Why Critics Are Furious
Not sick, but sentenced: Activists, lawyers, and scientists say the ostriches may hold natural resistance and valuable antibodies that could inform future disease prevention. Killing them means destroying that genetic stock without study.
Alternatives ignored: Animal welfare groups argue Canada could quarantine, research, or relocate the birds rather than impose blanket extermination.
International voices step in: Figures like Robert F. Kennedy Jr. and Dr. Mehmet Oz have urged Canada to spare the flock. Dr. Oz even offered to relocate them to his Florida ranch.
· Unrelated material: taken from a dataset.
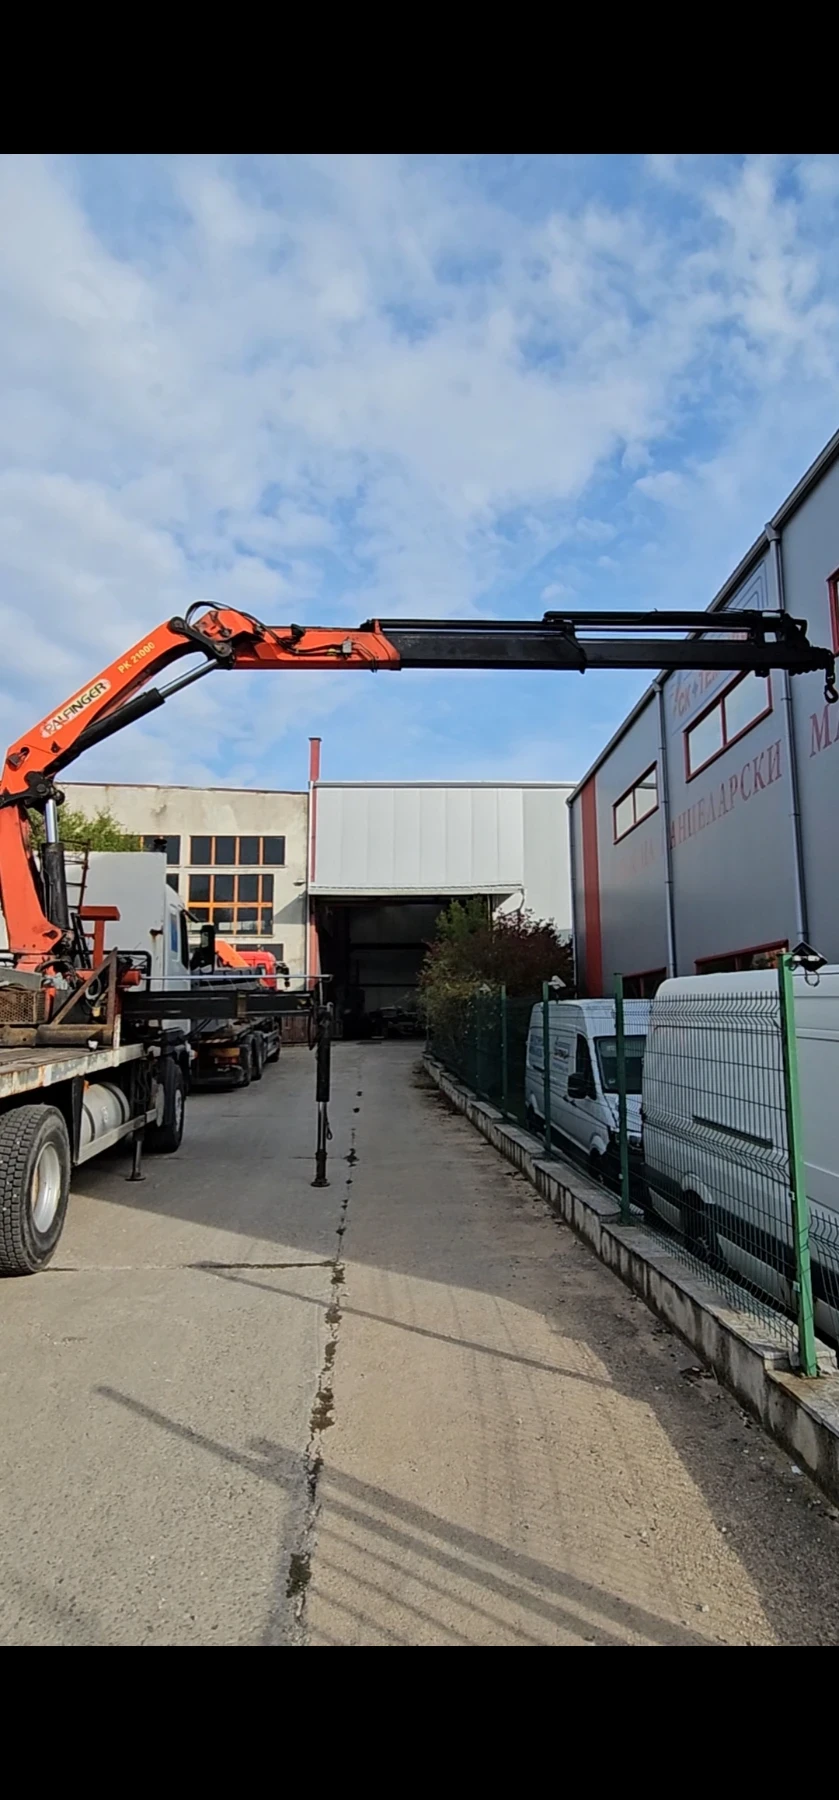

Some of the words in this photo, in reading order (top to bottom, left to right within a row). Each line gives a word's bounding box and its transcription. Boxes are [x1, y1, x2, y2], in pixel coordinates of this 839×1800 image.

Still, the CFIA insists mass culling protects trade and public health. Opponents say it’s a case of bureaucratic overreach — one that wipes out an entire herd of rare animals for optics, not science. Even some local landfills have refused to accept ostrich carcasses, adding to the protest momentum.
Canada’s decision pits public health policy against common sense compassion. The ostriches aren’t sick. Killing them may shield officials from risk on paper, but it also destroys an opportunity to learn something vital about resilience to avian flu.